Since this is about an artistic style, let’s move it to Cafe Society.
Colibri
General Questions Moderator
Just by memory I knew that shape was familiar:
Seems that in Japan fanzines of UFOs got to accept the shape as what a UFO was supposed to look, way into the 1980s.
A larger influence for the modern manga and Anime animators is likely to be this short Anime “documentary” showing fictionalized recreations of famous UFO encounters.
And of course, before* Dragon Ball* Akira Toriyama made Dr. Slump for Toei Animation.
I did also check for the actual Adamski inspiration.
I don’t know if he was the originator, but alleged UFO contactee George Adamski produced similar imagesin 1952 America.
He published several bookson the subject. Obviously a crank, but a famous one at the time.
Huh. The comic I linked to is obviously based on Adamski’s story, but with an amusing twist. And the comic UFO is nearly identical, from the three hemispheres to the triple-window clusters at the top.
Thanks. I appreciate getting factual answers about the real-world origin of the styling despite the move from GQ, where it actually belonged.
I happened on a manga chapter last night that specifically called it an “Adamski type”.
That’s interesting!
I figured the answer to the OP was that Japan was visited by different aliens than the West. We got the Grey Ferengi, and they got the Pakleds.
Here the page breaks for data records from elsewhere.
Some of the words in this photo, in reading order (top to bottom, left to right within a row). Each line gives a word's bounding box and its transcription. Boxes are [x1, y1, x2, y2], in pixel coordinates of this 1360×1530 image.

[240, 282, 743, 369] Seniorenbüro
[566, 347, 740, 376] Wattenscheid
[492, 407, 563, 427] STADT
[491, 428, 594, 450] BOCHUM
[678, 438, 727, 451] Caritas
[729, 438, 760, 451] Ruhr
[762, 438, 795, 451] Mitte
What disgusting creatures. The only episode I remember that featured the Pakleds was the one where they kidnapped La Forge. Did they seem remotely bright enough to master space travel? Not!
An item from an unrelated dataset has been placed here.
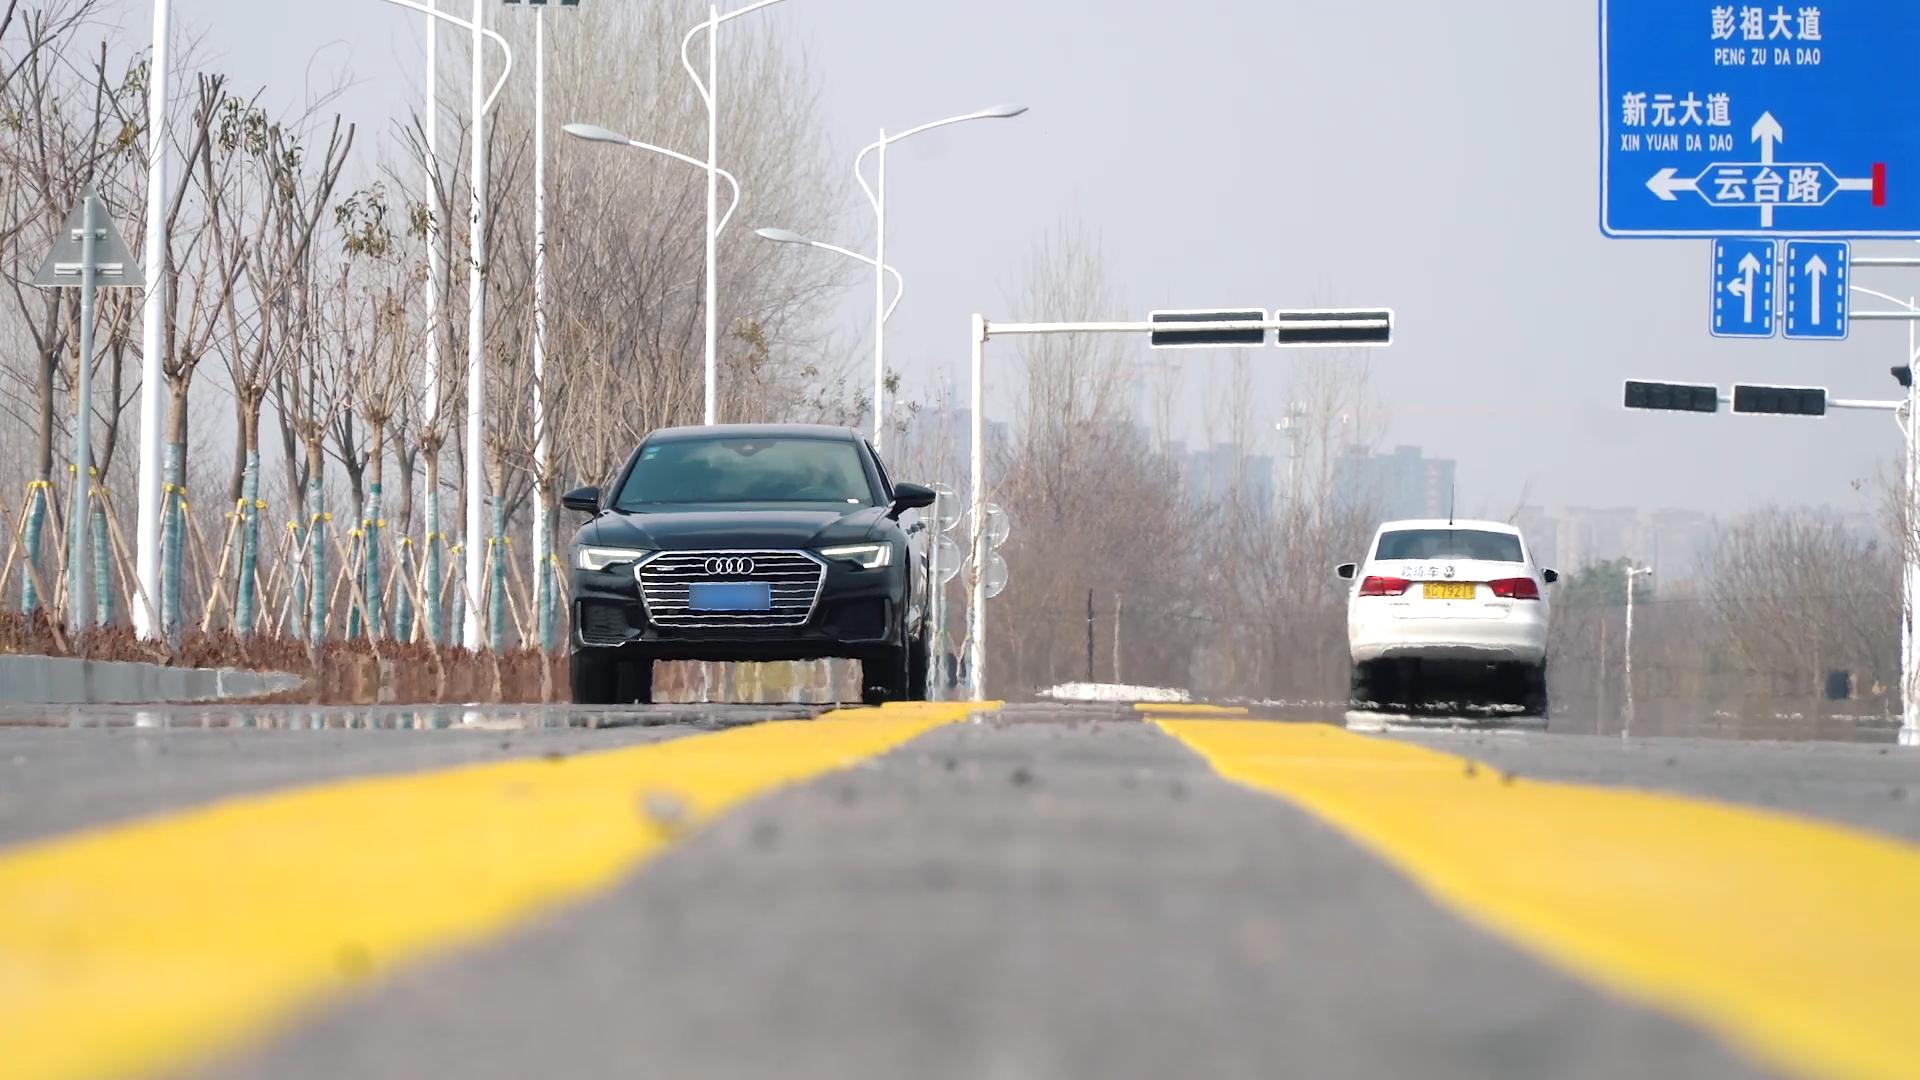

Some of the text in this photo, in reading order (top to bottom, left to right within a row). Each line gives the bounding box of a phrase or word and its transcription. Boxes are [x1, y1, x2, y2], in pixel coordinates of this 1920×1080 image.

But they looked for things. Things that make them go.
I remember a period single panel comic where Geordi blasted the head off of a Pakled (who is still standing), and (someone) is saying, “Not in the head! Aim for something vital!”
The Pakleds are the main antagonist in Star Trek: Lower Decks.
Saucer source for that Manga page please.
Seems to come from this, if that helps.
How the heck did so many of you know about the Adamski guy? Is he in a lot of modern UFO believer stuff, even after his photos were known as fakes?
He’s pretty well disappeared from modern Ufology, but that’s because Ufology has no real sense of its own history*. He was huge in the 1950s, into the 1960s. Anyone who was interested in UFOs and Ufology in that period could hardly have avoided him. If you read pretty much any skeptical work on Ufology, which almost universally take the history of Ufology far more seriously than any of the “believers” do, Adamski is going to figure prominently.
*In fact, Ufology seems to have an actively anti-historical sense. It memory holes inconvenient elements, then recycles the same claims with the serial numbers filed off, over and over again, each time presenting them as if they were brand-new revelations.
Ain’t that the truth. I must have just missed him, my UFO reading started with Chariots Of The Gods.